Definition
A method of evaluating individual test questions by examining how students performed on each one, using measures such as how many got it right, how well the question separated stronger students from weaker ones, and how often each wrong answer was chosen. The results show whether a question is doing its job or needs to be revised or replaced.
Plain English
Looking at the numbers from a test to see which questions worked well and which ones didn't, so the test can be improved.
Context Anchor
Seen in instructor training when building or reviewing written tests for aviation students.
Derivation
Statistical comes from statistics, meaning information collected and studied as numbers. Item, in testing, means one question on a test. Analysis means breaking something down to examine its parts. Together, the phrase points to studying each test question by using the numbers from student answers.
Why Pilots Care
A well-analyzed test measures what students actually know, rather than rewarding guessing or punishing students for poorly written questions. Instructors who use item analysis end up with fairer, more accurate exams.
Intuition Check
Do not read item as a physical object here.
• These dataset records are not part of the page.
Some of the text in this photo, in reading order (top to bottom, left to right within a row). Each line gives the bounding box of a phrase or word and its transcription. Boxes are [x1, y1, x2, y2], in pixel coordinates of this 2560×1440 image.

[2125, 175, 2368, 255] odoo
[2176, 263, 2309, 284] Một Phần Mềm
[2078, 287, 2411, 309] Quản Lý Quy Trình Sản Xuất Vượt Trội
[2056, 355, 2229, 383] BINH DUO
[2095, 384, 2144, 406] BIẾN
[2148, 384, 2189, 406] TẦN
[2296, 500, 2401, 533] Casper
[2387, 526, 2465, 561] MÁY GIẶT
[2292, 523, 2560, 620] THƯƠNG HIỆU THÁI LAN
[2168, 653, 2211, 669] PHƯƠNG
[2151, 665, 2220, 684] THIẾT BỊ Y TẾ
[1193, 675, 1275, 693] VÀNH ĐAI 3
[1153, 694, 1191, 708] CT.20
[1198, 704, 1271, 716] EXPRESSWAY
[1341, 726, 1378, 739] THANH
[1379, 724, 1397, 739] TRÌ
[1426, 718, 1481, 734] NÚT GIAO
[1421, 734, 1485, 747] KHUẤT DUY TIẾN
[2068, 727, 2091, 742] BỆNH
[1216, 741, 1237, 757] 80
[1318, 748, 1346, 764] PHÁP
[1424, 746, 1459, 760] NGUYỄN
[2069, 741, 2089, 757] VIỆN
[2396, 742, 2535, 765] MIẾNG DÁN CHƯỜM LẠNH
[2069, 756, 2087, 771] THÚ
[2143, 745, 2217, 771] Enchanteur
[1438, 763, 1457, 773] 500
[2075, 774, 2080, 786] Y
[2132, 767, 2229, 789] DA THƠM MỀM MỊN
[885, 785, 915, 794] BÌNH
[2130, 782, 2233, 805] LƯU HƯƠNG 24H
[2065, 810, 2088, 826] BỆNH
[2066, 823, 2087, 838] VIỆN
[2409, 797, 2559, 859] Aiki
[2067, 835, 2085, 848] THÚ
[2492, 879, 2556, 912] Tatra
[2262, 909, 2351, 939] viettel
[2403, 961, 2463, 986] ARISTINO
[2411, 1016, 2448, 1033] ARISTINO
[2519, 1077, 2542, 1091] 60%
In this context, an item is one test question, and the analysis is about how that question performed when students answered it.
Example Sentence 1
After grading the written exam, the instructor ran a statistical item analysis and found that question 14 was answered incorrectly by nearly everyone, suggesting the question was poorly worded.
Example Sentence 2
Statistical item analysis showed one question had low discrimination, so it was rewritten before the next test.